- 2019.01.21. Fourth homework and all exercises from tutorials. Updated list of topics for the oral exam.
- 2019.01.02. Topics for the oral exam.
- 2018.12.17. All exercises up to today and third homework. The results of the second homework are in USOS.
- 2018.11.19. All exercises up to today and second homework. The results of the first homework are in USOS.
- 2018.11.13. Update of the schedule due to 12.11 being an unexpected holiday.
- 2018.10.15. Exercises from the first two meetings and first homework.
- 2018.09.12. Setting up.

Course in USOS.

Webpage of the first edition, webpage of the second edition.

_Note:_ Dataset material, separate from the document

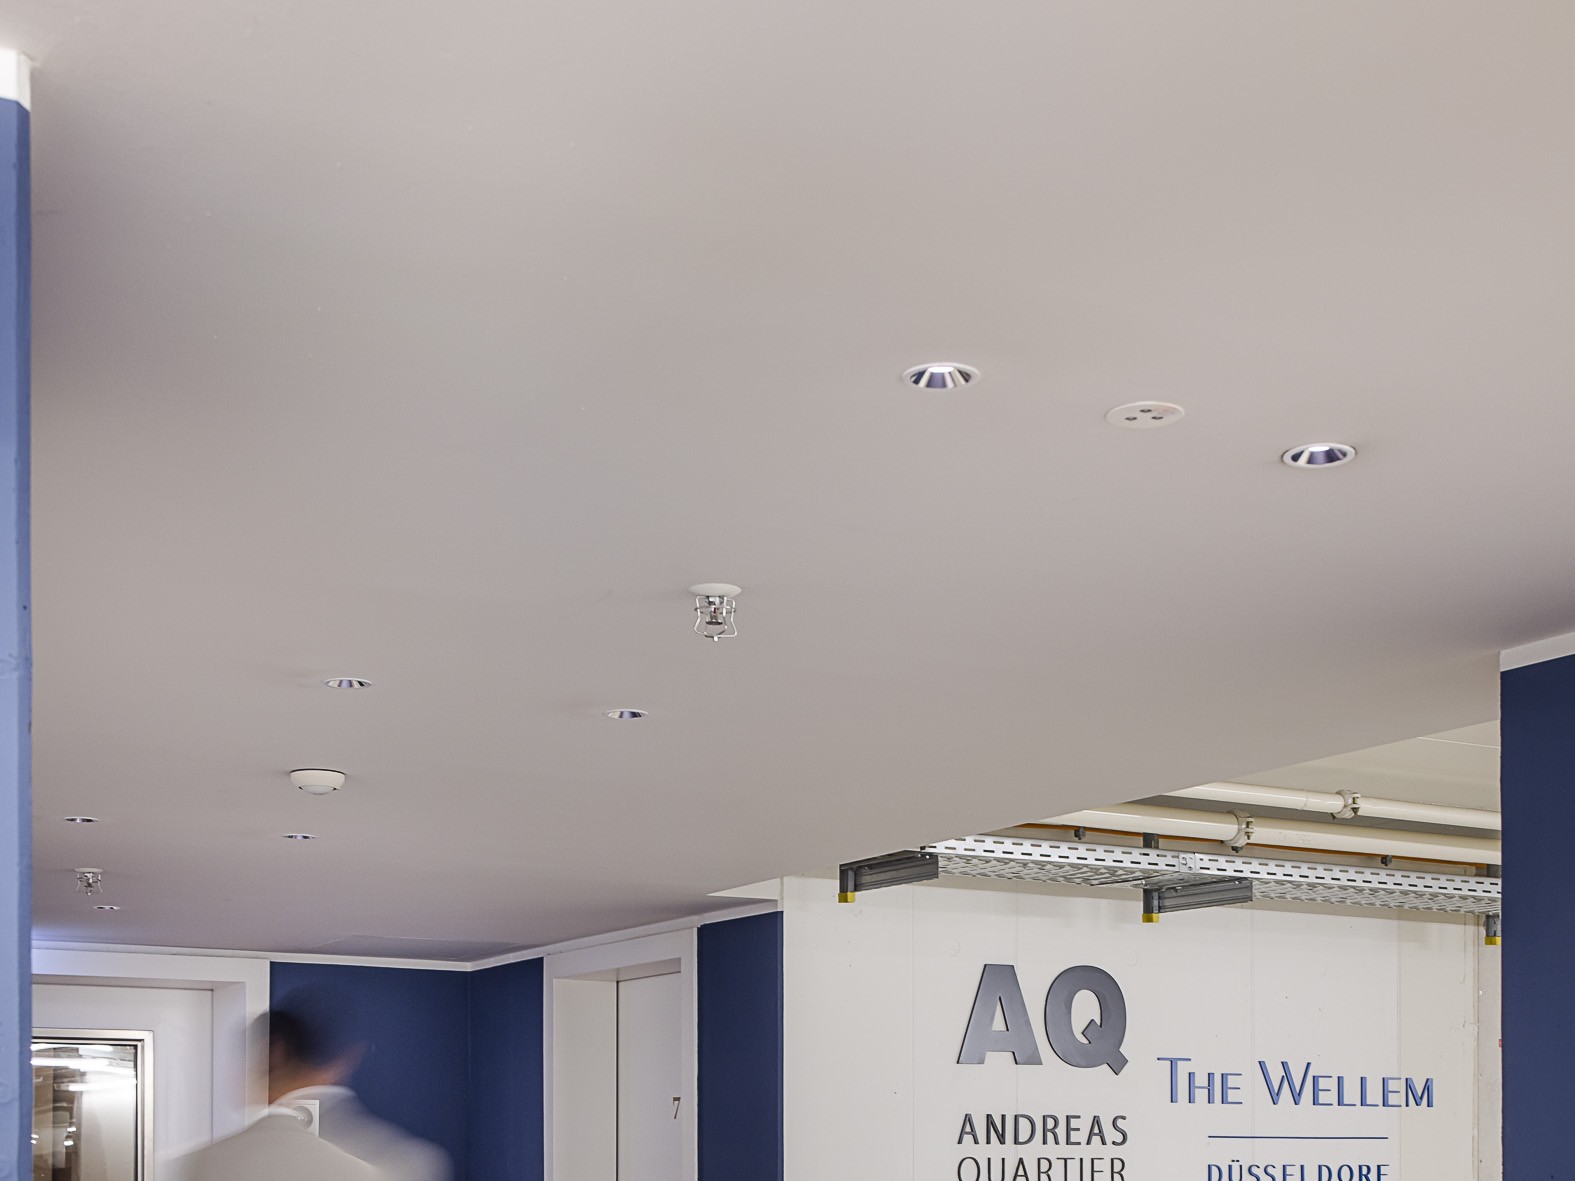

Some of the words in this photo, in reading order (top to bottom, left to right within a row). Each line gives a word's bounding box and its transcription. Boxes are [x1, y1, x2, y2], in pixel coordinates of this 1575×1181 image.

[956, 964, 1129, 1075] AQ
[672, 1096, 681, 1120] 7
[957, 1113, 1128, 1146] ANDREAS

- Final grade is based on homeworks and final oral exam.
- We plan four homework assignments, each consisting of at least three problems. Each homework assignment should be submitted either by email or in a hard copy at the lecture on the day of the deadline.
- Each homework problem is worth 10 points. At the end of the semester we give a tentative grade, based on the number of points from the homework. We guarantee that 40 points will be enough for a passing grade.
- During the oral exam, one can modify the tentative grade by one of the values -1, -0.5, 0, +0.5, +1.0, +1.5. Not attending the exam results in the -1 modifier. If the final grade is lower than 3, it becomes 2.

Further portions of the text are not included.